LA ÚLTIMA TRAVESÍA DE ULISES FINGAL
El viejo velero permaneció atracado durante décadas en el puerto de Vigo, con el casco infestado de moho y de moluscos, los aparejos pudriéndose por la carcoma y los cabos viendo crecer largas y verdes cabelleras de algas marinas a sus expensas, en espera de que algún día Ulises Fingal se decidiera a partir, en pos de nuevos horizontes.
Y ese día llegó, y seis meses antes de zarpar se reunió con sus mejores amigos, que formarían la selecta tripulación, en la taberna del Eligio, para ultimar los preparativos de tan singular odisea.

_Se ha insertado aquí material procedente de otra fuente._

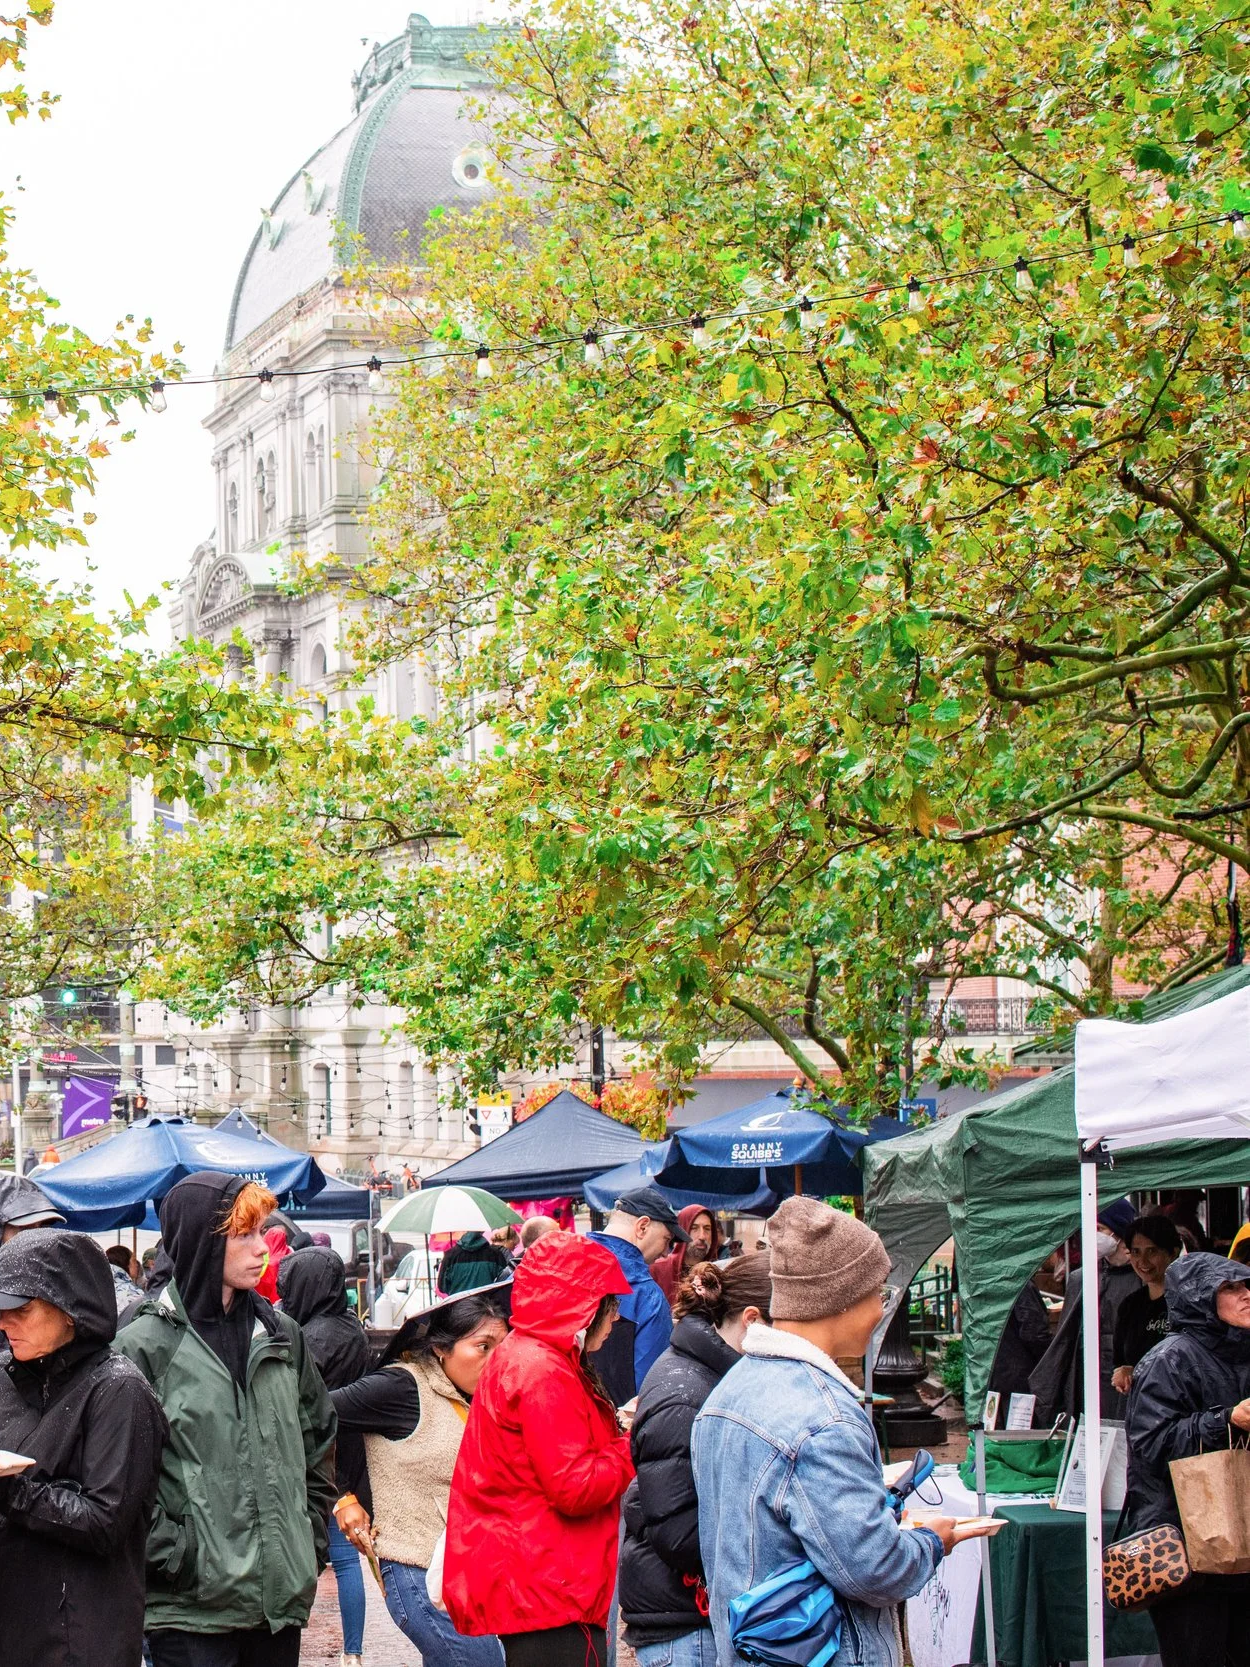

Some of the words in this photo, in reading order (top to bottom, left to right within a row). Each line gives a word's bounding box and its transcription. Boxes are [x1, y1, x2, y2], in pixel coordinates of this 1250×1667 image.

[732, 1142, 782, 1151] GRANNY
[731, 1149, 781, 1160] SQUIBB'S
[231, 1173, 266, 1181] ANNY

Allí estaban sentados, entorno a una gran mesa redonda de mármol, aquellos viejos lobos de mar, bebiendo cada uno en su taza de porcelana un especioso caldo de las islas, escuchando lo que su capitán tenía que contarles.
Allí pude reconocer sin grandes esfuerzos a Burne Hogarth, con su bigotillo y su corbata de bolo texana, a Otto Dix, fumándose un pitillo, a Yukio Mishima, a Lord Dunsany, a Ezra Pound, a Arthur Machen, a Arno Breker y hasta a Dominique Venner, Todos estaban dispuestos a dejar atrás este maldito mundo moderno, que se ha ido convirtiendo con el correr de los años en un inmenso manicomio.
Y Ulises alzó la voz y exclamó:
-Tendremos que arrimar todos el hombro y trabajar de firme, para tener lista la nao, en cuanto los vientos nos sean propicios.
-Tendremos que arrimar todos el hombro y trabajar de firme, para tener lista la nao, en cuanto los vientos nos sean propicios.
Y se pusieron de inmediato manos a la obra, en cuanto los vapores del vino consumido en la sobremesa se hubieron disipado.
Otto Dix se encargó, con asaz entusiasmo, de pintar en la vela mayor un tigre llameante, como el del poema de Wiliam Blake; y Burne Hogarth se aplicó en pintar en otra vela una efigie enorme y hierática, como un icono bizantino, de Su Majestad Dagga Ramba. El mascarón de proa corrió a cargo de Arno Breker, que esculpió en madera de palosanto a una diosa nórdica con los brazos extendidos y los senos puntiagudos, emblema de la buena suerte. Y los demás se encargaron de limpiar y calafatear el buque, hasta que lo dejaron muy acicalado, como recién hecho. Por entonces, Lord Dunsany cantaba extrañas baladas gaélicas y Ezra Pound entonaba sus cantos pisanos para amenizar aquellas jornadas.
Y al fin, todo estuvo listo e izaron el ancla a la hora del crepúsculo.
El barco se fue, surcando la Mar Océana. Qué rumbo tomó, fue para todos un misterio. Algunos decían que iba en dirección de la Isla de los Bienaventurados, otros que de Antillia o de San Borondón.
El caso es que nada se supo más de ellos.